INSTRUCTIONS TO FOLLOW = Reproduce every entry below precisely; do not include the pictures.

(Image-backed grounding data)
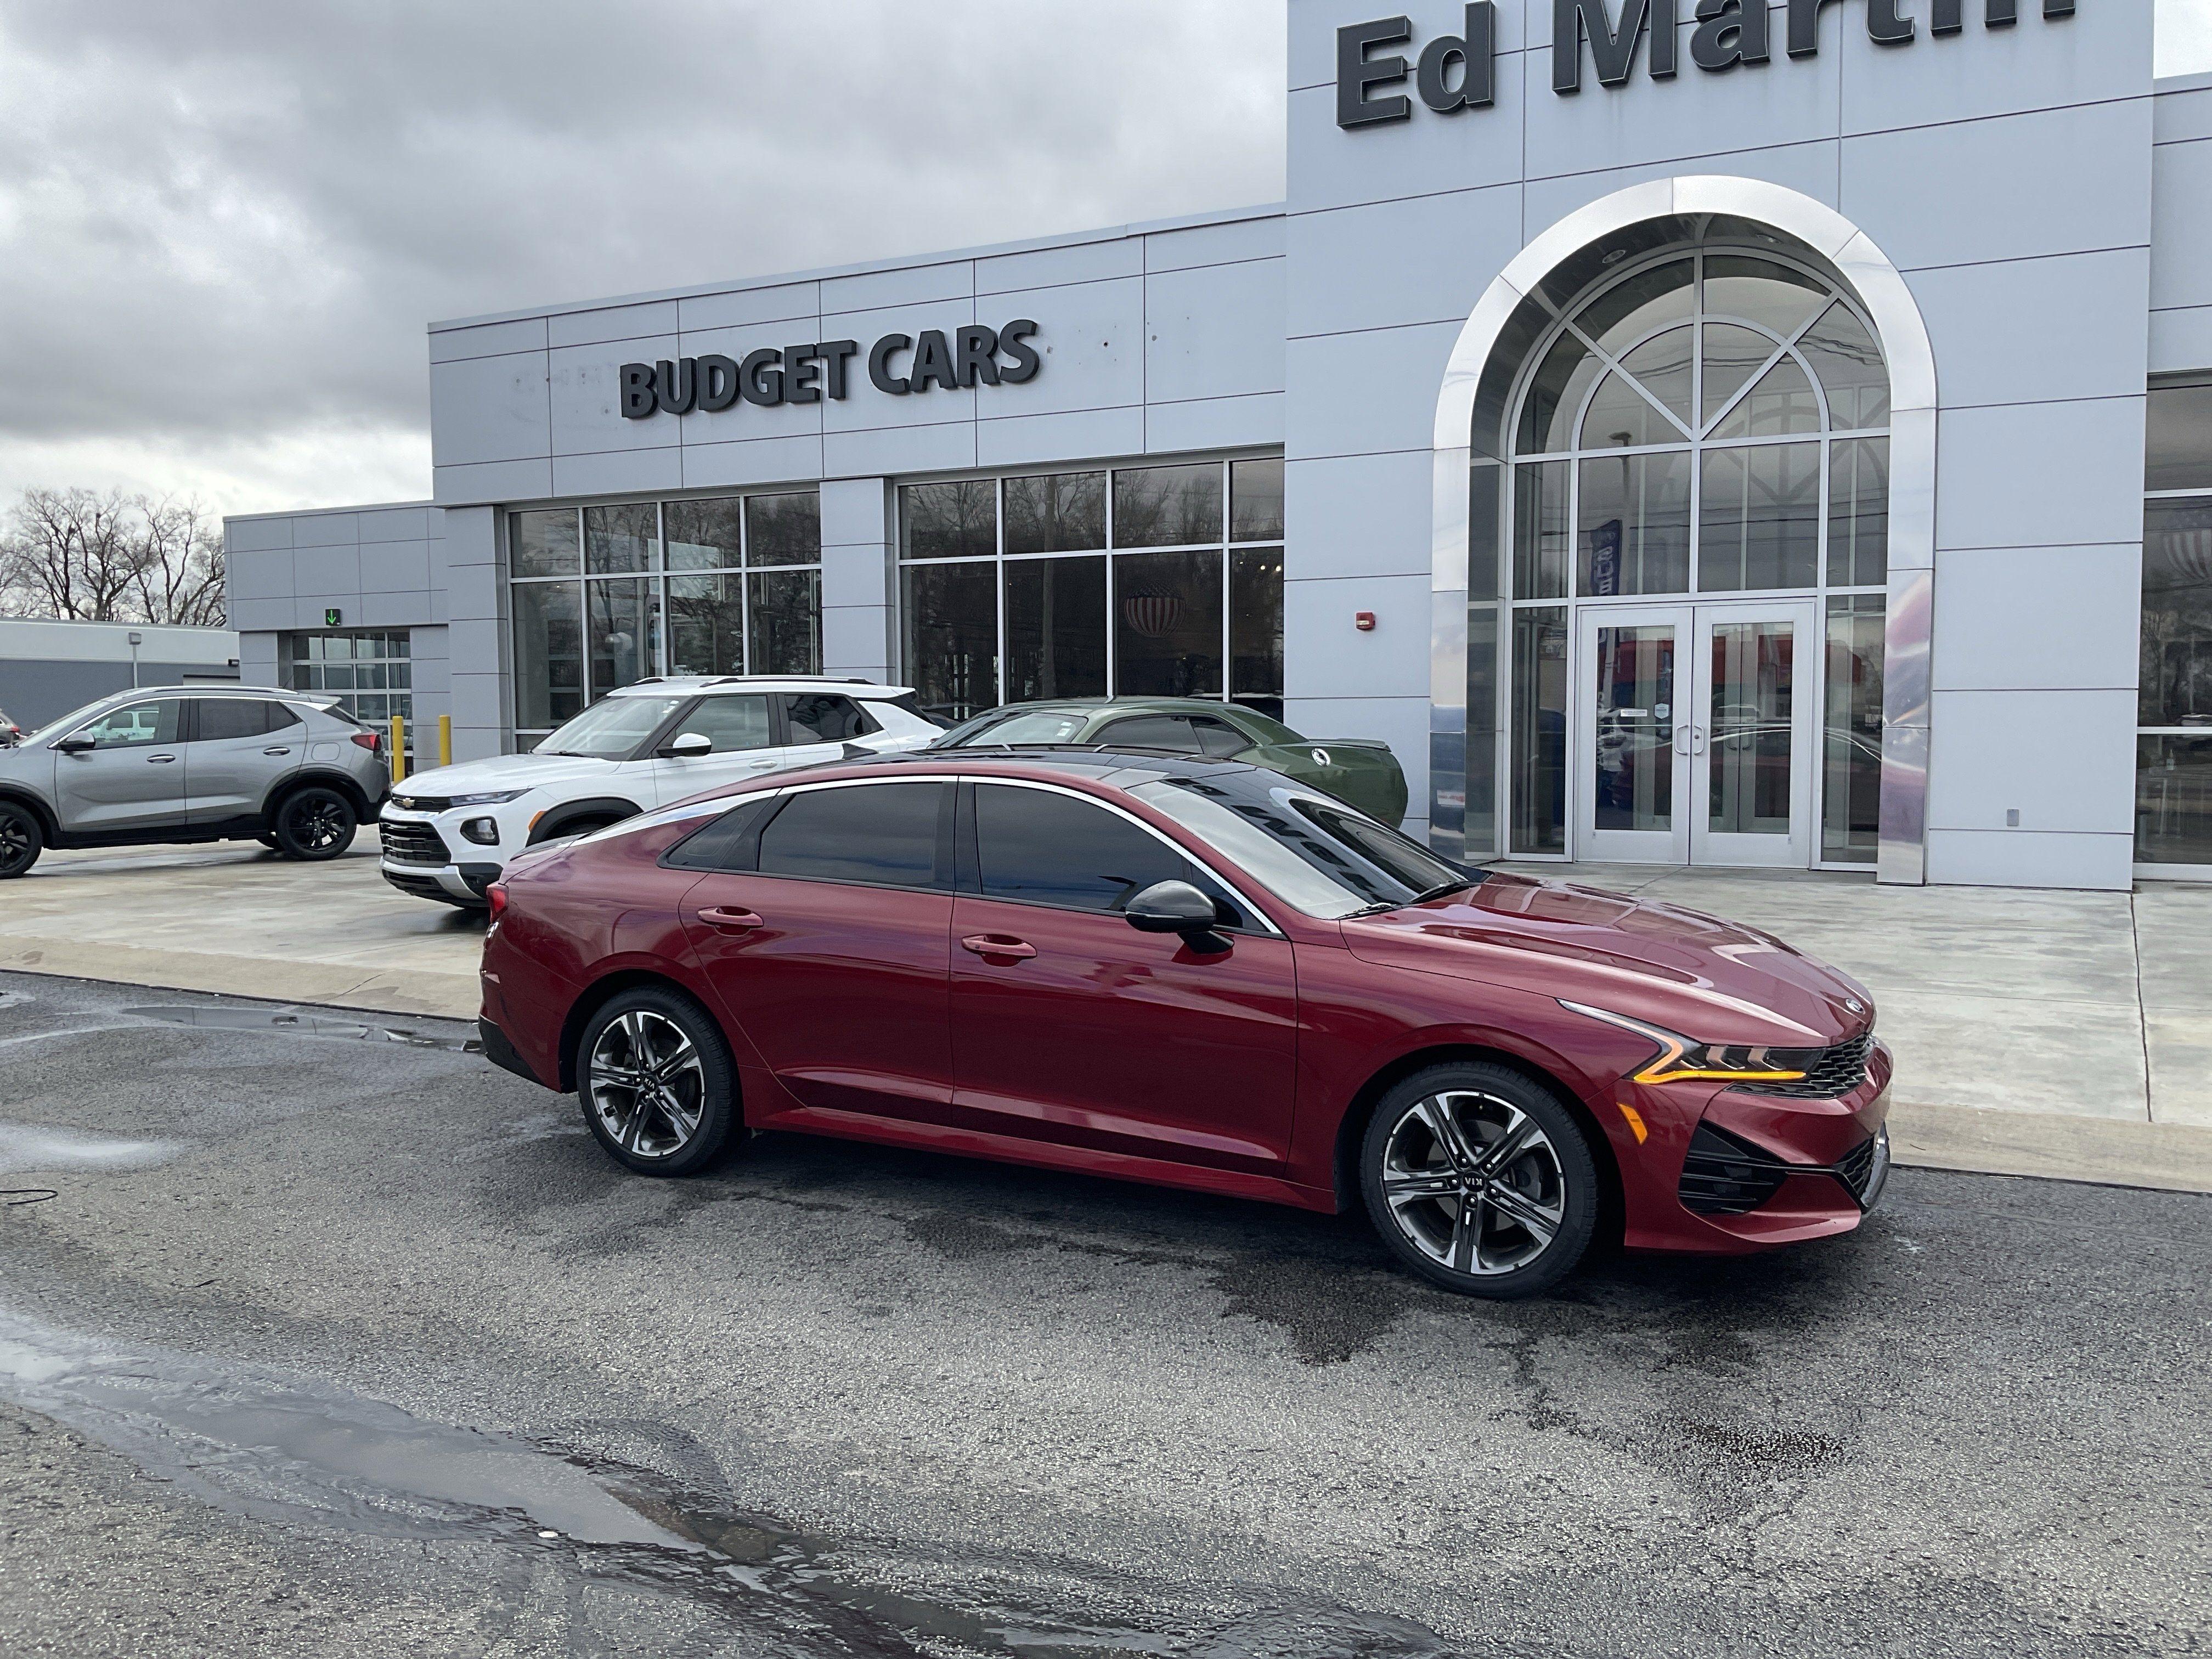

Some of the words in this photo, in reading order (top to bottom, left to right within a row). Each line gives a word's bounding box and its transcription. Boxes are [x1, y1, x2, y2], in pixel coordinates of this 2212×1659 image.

[1336, 0, 1496, 130] Ed
[1552, 0, 2075, 94] Mar
[619, 340, 857, 419] BUDGET
[868, 319, 1040, 394] CARS
[644, 1077, 655, 1089] KIA
[1464, 1177, 1483, 1186] KIA
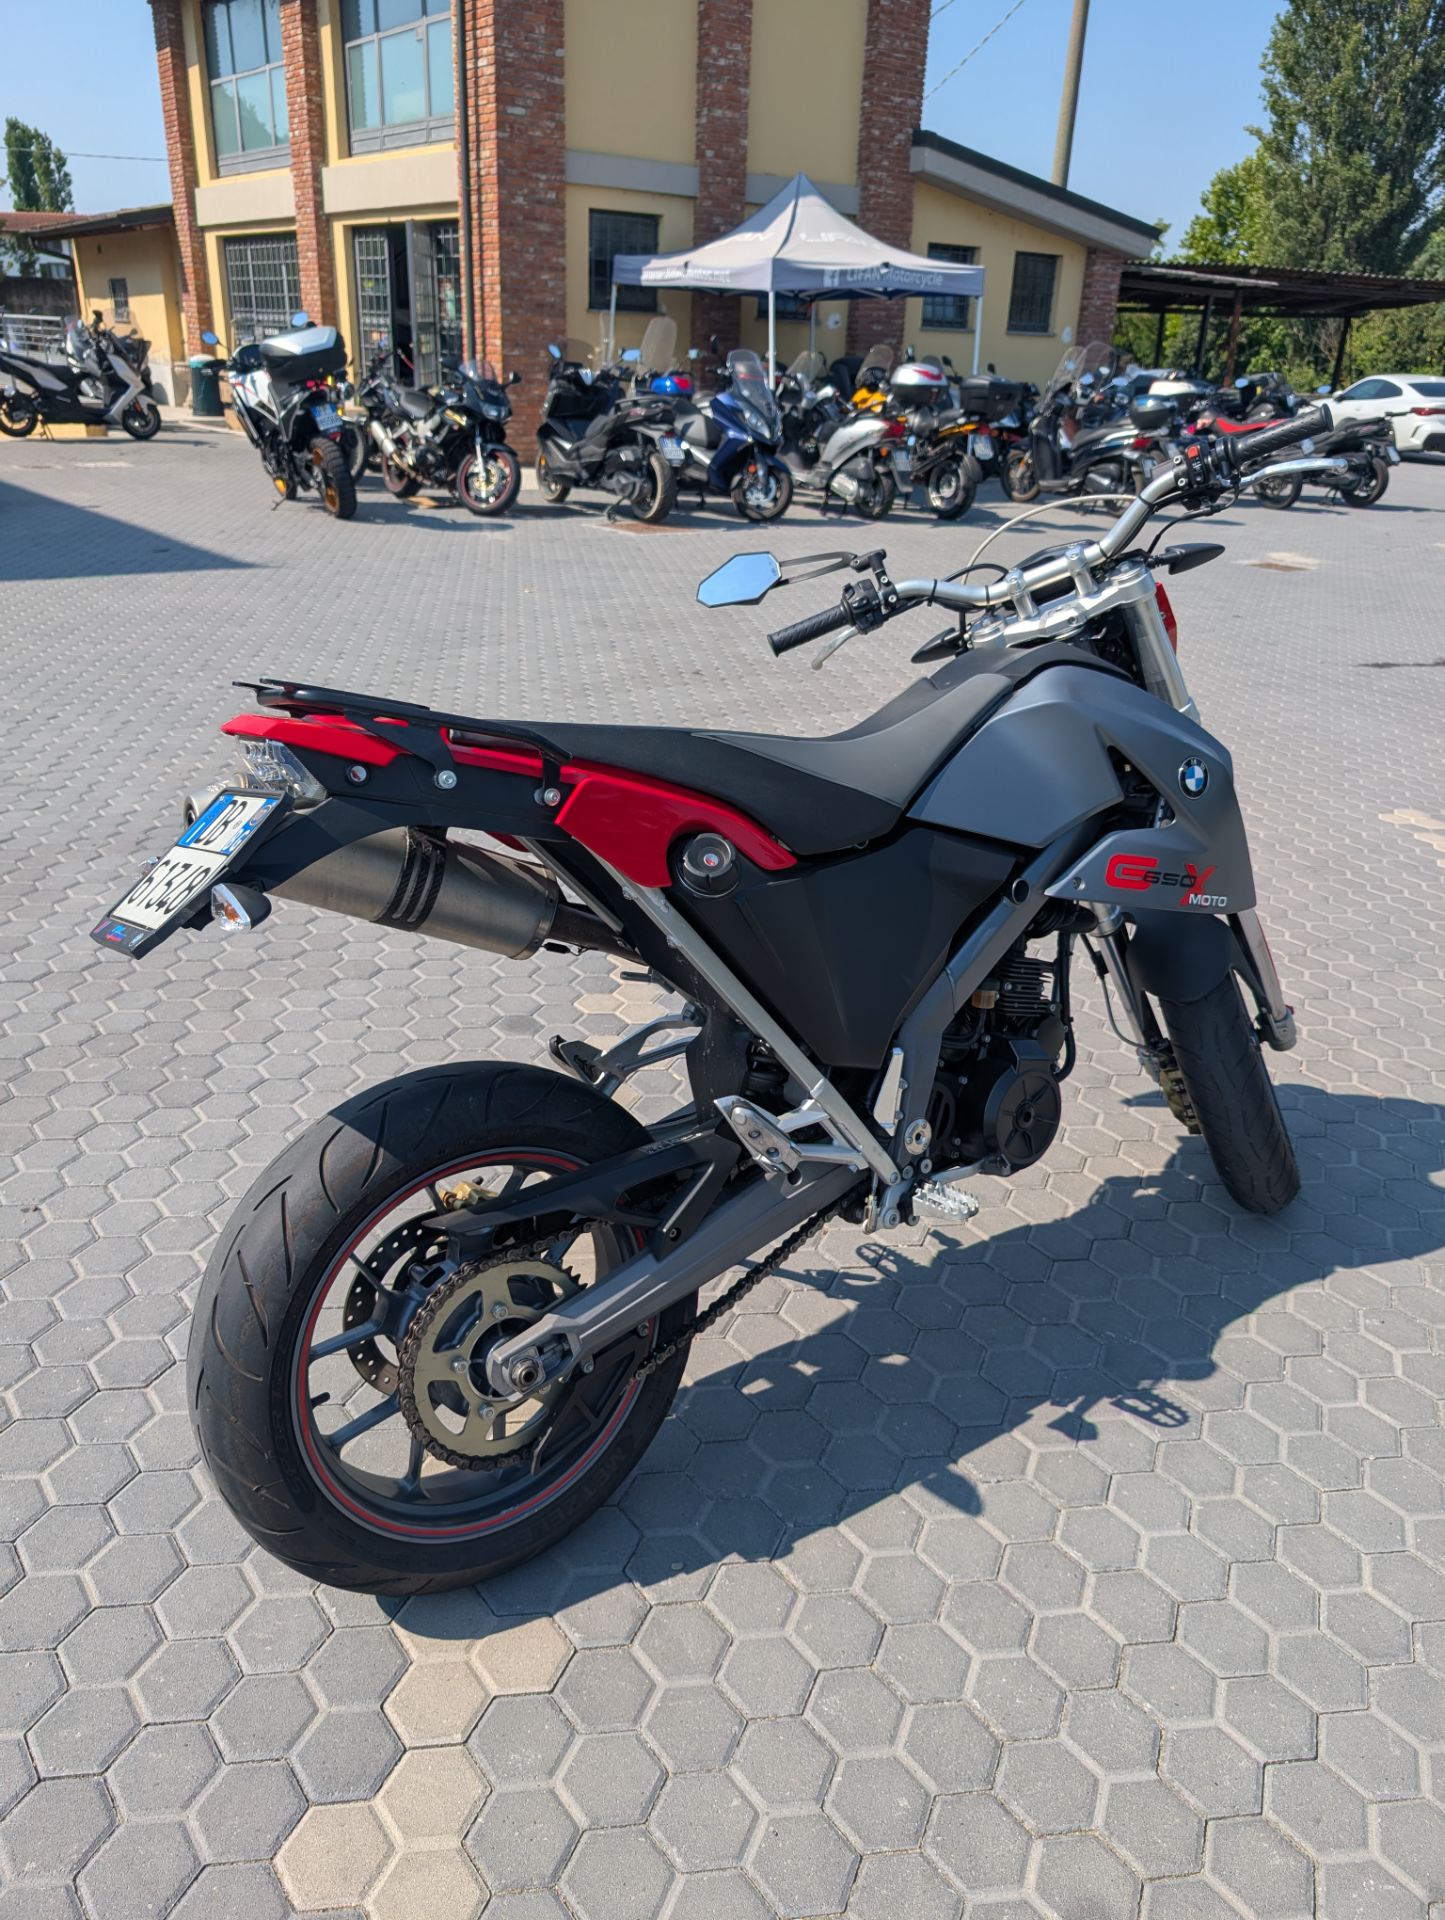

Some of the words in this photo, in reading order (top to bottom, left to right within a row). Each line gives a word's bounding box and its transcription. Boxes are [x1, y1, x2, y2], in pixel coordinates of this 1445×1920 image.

[846, 268, 881, 282] LIFAN
[883, 268, 944, 288] Motorcycle
[196, 799, 248, 846] DB
[127, 860, 211, 915] 61348
[1188, 893, 1228, 907] MOTO
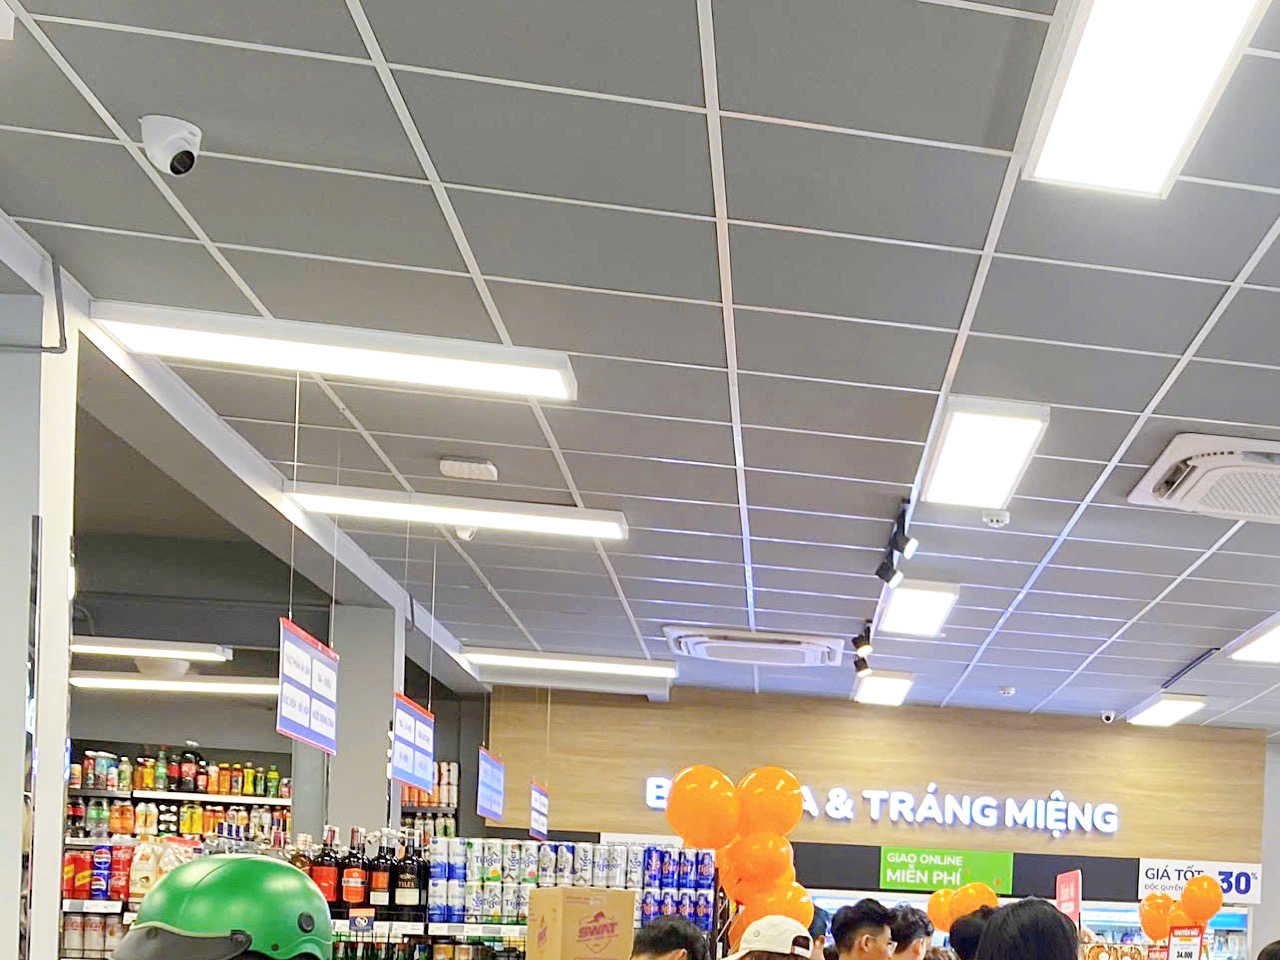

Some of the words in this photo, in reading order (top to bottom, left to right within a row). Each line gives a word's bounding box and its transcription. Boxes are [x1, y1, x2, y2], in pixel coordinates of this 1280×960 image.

[825, 788, 854, 820] &
[863, 783, 998, 828] TRÁNG
[1005, 790, 1119, 838] MIỆNG
[887, 852, 916, 865] GIAO
[919, 854, 963, 867] ONLINE
[887, 864, 930, 885] MIỄN
[932, 867, 961, 886] PHÍ
[1145, 865, 1170, 881] GIÁ
[1175, 865, 1204, 881] TỐT
[578, 922, 618, 938] SWAT
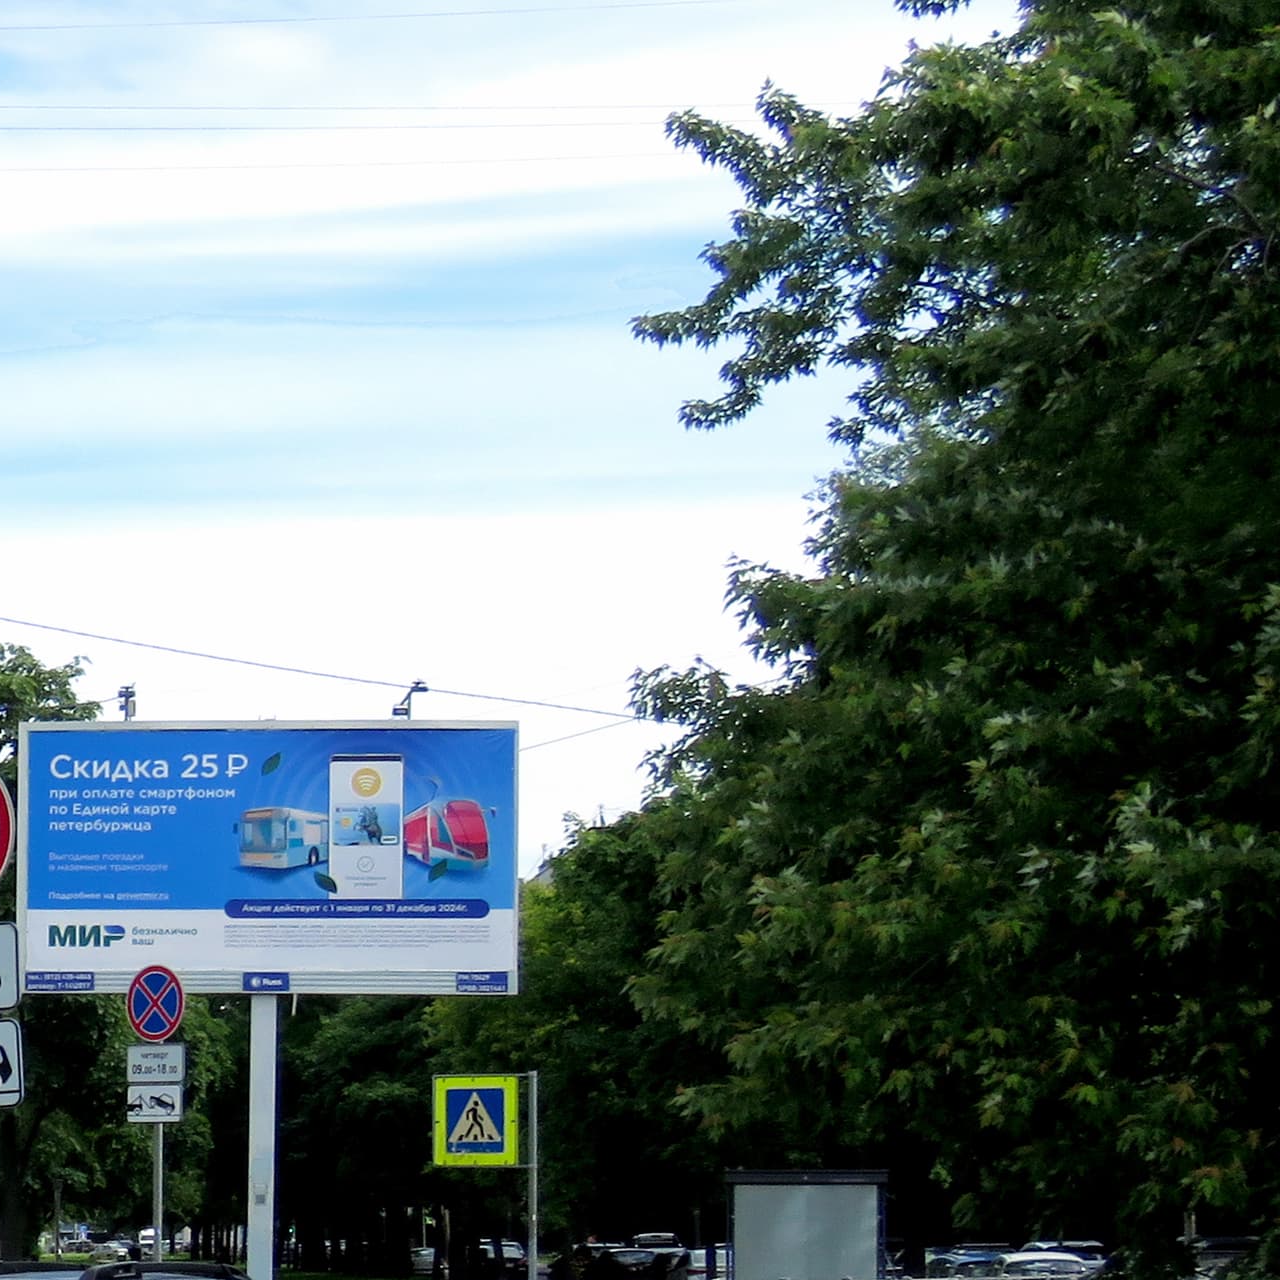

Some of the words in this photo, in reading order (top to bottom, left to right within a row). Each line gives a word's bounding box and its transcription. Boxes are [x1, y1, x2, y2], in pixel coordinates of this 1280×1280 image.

RESPONSE =
Some of the words in this photo, in reading order (top to bottom, left to right within a row). Each line gives a word's bounding box and its transcription. Boxes are [x1, y1, x2, y2], in pixel coordinates of this 2212×1659 image.

[1336, 0, 1496, 130] Ed
[1552, 0, 2075, 94] Mar
[619, 340, 857, 419] BUDGET
[868, 319, 1040, 394] CARS
[644, 1077, 655, 1089] KIA
[1464, 1177, 1483, 1186] KIA

Some of the words in this photo, in reading order (top to bottom, left to right within a row). Each line gives a word's bounding box and its transcription. Boxes are [x1, y1, x2, y2], in pixel coordinates of this 1445×1920 image.

[846, 268, 881, 282] LIFAN
[883, 268, 944, 288] Motorcycle
[196, 799, 248, 846] DB
[127, 860, 211, 915] 61348
[1188, 893, 1228, 907] MOTO

Some of the words in this photo, in reading order (top to bottom, left to right within a row). Each line gives a word's bounding box and its transcription. Boxes are [x1, y1, x2, y2], in pixel coordinates of this 1280×960 image.

[825, 788, 854, 820] &
[863, 783, 998, 828] TRÁNG
[1005, 790, 1119, 838] MIỆNG
[887, 852, 916, 865] GIAO
[919, 854, 963, 867] ONLINE
[887, 864, 930, 885] MIỄN
[932, 867, 961, 886] PHÍ
[1145, 865, 1170, 881] GIÁ
[1175, 865, 1204, 881] TỐT
[578, 922, 618, 938] SWAT

Some of the words in this photo, in reading order (top to bottom, left to right within a row). Each line gives a word's bounding box and its transcription. Boxes are [x1, y1, x2, y2], in pixel coordinates of this 1280×1280 image.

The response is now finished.